WHAT THE EXERCISE ASKS:
Could you give back the listing below exactly, every line included?

[[ THE DATA open ]]

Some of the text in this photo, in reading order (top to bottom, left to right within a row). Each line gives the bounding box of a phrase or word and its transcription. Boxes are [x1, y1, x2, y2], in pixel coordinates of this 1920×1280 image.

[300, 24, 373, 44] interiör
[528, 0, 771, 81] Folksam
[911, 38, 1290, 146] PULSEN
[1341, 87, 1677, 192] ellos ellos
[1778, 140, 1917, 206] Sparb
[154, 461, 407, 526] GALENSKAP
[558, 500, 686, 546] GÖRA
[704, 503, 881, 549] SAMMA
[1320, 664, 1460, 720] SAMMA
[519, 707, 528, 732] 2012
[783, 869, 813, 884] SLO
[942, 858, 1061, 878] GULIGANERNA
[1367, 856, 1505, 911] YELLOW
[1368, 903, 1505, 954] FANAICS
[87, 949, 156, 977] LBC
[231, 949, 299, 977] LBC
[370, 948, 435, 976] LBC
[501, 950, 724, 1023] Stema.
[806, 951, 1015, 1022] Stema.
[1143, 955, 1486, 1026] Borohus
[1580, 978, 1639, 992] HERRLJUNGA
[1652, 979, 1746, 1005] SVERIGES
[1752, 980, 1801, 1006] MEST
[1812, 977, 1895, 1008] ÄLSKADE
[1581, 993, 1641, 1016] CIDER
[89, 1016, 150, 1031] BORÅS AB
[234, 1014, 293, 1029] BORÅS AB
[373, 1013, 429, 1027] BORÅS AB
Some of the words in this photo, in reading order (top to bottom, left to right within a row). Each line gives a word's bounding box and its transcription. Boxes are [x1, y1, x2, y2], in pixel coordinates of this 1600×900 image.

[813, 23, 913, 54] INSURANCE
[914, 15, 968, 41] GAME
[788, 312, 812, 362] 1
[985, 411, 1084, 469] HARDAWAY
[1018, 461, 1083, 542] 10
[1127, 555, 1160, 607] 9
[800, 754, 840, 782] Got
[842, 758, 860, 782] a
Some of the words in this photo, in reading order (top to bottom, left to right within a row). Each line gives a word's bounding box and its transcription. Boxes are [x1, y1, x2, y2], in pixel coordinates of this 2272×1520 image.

[[ THE DATA closed ]]

SOLUTION BELOW:
Some of the text in this photo, in reading order (top to bottom, left to right within a row). Each line gives the bounding box of a phrase or word and its transcription. Boxes are [x1, y1, x2, y2], in pixel coordinates of this 1920×1280 image.

[300, 24, 373, 44] interiör
[528, 0, 771, 81] Folksam
[911, 38, 1290, 146] PULSEN
[1341, 87, 1677, 192] ellos ellos
[1778, 140, 1917, 206] Sparb
[154, 461, 407, 526] GALENSKAP
[558, 500, 686, 546] GÖRA
[704, 503, 881, 549] SAMMA
[1320, 664, 1460, 720] SAMMA
[519, 707, 528, 732] 2012
[783, 869, 813, 884] SLO
[942, 858, 1061, 878] GULIGANERNA
[1367, 856, 1505, 911] YELLOW
[1368, 903, 1505, 954] FANAICS
[87, 949, 156, 977] LBC
[231, 949, 299, 977] LBC
[370, 948, 435, 976] LBC
[501, 950, 724, 1023] Stema.
[806, 951, 1015, 1022] Stema.
[1143, 955, 1486, 1026] Borohus
[1580, 978, 1639, 992] HERRLJUNGA
[1652, 979, 1746, 1005] SVERIGES
[1752, 980, 1801, 1006] MEST
[1812, 977, 1895, 1008] ÄLSKADE
[1581, 993, 1641, 1016] CIDER
[89, 1016, 150, 1031] BORÅS AB
[234, 1014, 293, 1029] BORÅS AB
[373, 1013, 429, 1027] BORÅS AB
Some of the words in this photo, in reading order (top to bottom, left to right within a row). Each line gives a word's bounding box and its transcription. Boxes are [x1, y1, x2, y2], in pixel coordinates of this 1600×900 image.

[813, 23, 913, 54] INSURANCE
[914, 15, 968, 41] GAME
[788, 312, 812, 362] 1
[985, 411, 1084, 469] HARDAWAY
[1018, 461, 1083, 542] 10
[1127, 555, 1160, 607] 9
[800, 754, 840, 782] Got
[842, 758, 860, 782] a
Some of the words in this photo, in reading order (top to bottom, left to right within a row). Each line gives a word's bounding box and its transcription. Boxes are [x1, y1, x2, y2], in pixel coordinates of this 2272×1520 image.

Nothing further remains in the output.